Investors are always looking for growth in small-cap stocks like ASV Holdings Inc (NASDAQ:ASV), with a market cap of US$75.38M. However, an important fact which most ignore is: how financially healthy is the business? Evaluating financial health as part of your investment thesis is essential, since poor capital management may bring about bankruptcies, which occur at a higher rate for small-caps. Here are a few basic checks that are good enough to have a broad overview of the company’s financial strength. However, I know these factors are very high-level, so I recommend you dig deeper yourself into ASV here.

Does ASV generate an acceptable amount of cash through operations?

ASV’s debt levels have fallen from US$44.87M to US$27.18M over the last 12 months , which comprises of short- and long-term debt. With this debt repayment, ASV currently has below $10K remaining in cash and short-term investment, which is concerning. Though ASV has generated cash from operations of US$7.52M over the same time period, resulting in an operating cash to total debt ratio of 27.68%, meaning that debt is appropriately covered by operating cash. This ratio can also be a sign of operational efficiency as an alternative to return on assets. In ASV’s case, it is able to generate 0.28x cash from its debt capital.

Can ASV pay its short-term liabilities?

Looking at ASV’s most recent US$23.41M liabilities, the company has been able to meet these commitments with a current assets level of US$46.53M, leading to a 1.99x current account ratio. Usually, for Machinery companies, this is a suitable ratio since there is a bit of a cash buffer without leaving too much capital in a low-return environment.

NasdaqCM:ASV Historical Debt Mar 29th 18

Can ASV service its debt comfortably?

ASV is a relatively highly levered company with a debt-to-equity of 41.30%. This is not uncommon for a small-cap company given that debt tends to be lower-cost and at times, more accessible. No matter how high the company’s debt, if it can easily cover the interest payments, it’s considered to be efficient with its use of excess leverage. A company generating earnings after interest and tax at least three times its net interest payments is considered financially sound.
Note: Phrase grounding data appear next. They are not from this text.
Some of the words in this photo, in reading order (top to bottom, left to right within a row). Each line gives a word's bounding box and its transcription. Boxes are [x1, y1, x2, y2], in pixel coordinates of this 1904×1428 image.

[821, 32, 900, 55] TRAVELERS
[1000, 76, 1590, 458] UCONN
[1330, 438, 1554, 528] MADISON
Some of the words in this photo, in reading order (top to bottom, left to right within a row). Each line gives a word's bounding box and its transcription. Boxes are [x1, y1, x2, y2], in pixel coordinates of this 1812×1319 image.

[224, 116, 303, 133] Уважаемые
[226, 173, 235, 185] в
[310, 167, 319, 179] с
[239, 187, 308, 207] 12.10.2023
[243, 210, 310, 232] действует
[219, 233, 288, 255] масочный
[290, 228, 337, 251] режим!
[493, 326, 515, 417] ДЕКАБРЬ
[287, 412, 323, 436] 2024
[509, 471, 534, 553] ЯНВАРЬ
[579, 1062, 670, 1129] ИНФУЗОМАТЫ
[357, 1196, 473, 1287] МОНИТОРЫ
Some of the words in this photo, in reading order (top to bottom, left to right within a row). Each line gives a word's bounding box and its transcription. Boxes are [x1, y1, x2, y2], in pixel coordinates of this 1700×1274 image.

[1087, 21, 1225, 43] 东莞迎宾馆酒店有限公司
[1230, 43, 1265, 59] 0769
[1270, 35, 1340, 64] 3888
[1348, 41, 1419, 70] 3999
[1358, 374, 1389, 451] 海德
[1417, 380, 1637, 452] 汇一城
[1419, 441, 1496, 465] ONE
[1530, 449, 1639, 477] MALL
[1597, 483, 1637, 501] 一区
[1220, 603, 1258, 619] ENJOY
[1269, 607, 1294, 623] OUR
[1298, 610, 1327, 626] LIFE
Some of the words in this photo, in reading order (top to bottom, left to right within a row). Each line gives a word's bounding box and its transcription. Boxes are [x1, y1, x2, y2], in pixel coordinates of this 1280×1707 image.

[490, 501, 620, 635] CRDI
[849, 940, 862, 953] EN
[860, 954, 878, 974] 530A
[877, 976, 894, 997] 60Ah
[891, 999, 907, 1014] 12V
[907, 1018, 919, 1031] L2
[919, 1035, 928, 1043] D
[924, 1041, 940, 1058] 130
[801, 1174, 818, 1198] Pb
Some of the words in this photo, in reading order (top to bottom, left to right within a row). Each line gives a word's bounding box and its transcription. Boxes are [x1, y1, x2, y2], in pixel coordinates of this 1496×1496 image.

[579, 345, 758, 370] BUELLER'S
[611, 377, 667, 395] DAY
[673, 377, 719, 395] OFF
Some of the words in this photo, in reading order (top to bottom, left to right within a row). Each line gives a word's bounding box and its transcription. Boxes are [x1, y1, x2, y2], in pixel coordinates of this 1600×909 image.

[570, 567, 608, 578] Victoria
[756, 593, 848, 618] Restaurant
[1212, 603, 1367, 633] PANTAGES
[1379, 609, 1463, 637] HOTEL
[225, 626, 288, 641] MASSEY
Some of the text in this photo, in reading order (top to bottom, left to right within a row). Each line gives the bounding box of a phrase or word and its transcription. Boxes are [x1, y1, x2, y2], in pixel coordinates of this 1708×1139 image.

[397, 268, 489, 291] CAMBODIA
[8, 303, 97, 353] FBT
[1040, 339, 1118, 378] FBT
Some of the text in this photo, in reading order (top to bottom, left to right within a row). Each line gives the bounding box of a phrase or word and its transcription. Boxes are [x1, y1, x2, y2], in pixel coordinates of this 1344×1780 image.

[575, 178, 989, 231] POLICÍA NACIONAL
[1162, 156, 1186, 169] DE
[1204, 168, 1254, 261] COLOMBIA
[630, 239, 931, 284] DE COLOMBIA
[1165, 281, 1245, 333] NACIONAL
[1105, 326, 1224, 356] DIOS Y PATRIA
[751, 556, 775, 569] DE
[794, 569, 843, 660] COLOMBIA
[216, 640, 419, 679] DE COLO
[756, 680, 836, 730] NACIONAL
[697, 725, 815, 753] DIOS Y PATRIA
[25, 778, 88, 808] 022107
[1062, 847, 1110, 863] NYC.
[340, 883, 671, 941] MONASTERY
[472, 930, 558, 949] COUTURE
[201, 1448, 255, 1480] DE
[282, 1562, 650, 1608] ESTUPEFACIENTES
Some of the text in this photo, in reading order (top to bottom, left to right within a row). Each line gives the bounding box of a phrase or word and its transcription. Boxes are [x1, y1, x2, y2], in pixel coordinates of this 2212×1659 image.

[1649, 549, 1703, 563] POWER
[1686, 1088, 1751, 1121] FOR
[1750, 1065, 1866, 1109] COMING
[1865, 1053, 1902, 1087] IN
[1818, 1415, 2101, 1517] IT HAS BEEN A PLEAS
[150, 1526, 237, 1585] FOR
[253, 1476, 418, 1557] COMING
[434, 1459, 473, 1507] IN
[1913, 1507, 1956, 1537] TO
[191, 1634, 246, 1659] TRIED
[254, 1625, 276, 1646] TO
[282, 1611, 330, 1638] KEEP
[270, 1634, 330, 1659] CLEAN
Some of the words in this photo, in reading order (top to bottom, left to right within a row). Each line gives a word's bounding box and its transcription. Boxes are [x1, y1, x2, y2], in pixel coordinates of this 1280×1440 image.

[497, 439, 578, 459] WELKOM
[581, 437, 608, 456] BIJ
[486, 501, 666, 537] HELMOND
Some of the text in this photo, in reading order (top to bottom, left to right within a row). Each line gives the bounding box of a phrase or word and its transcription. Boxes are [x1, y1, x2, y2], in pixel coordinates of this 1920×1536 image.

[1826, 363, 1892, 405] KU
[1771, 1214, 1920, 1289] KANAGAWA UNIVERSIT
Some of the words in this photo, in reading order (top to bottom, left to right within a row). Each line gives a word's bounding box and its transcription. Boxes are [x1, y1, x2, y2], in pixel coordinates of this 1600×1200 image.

In ASV’s case, the ratio of 1.62x suggests that interest is not strongly covered, which means that lenders may refuse to lend the company more money, as it is seen as too risky in terms of default.

Next Steps:

Although ASV’s debt level is towards the higher end of the spectrum, its cash flow coverage seems adequate to meet obligations which means its debt is being efficiently utilised. This may mean this is an optimal capital structure for the business, given that it is also meeting its short-term commitment. Keep in mind I haven’t considered other factors such as how ASV has been performing in the past. I suggest you continue to research ASV Holdings to get a more holistic view of the small-cap by looking at:

To help readers see pass the short term volatility of the financial market, we aim to bring you a long-term focused research analysis purely driven by fundamental data. Note that our analysis does not factor in the latest price sensitive company announcements.

The author is an independent contributor and at the time of publication had no position in the stocks mentioned.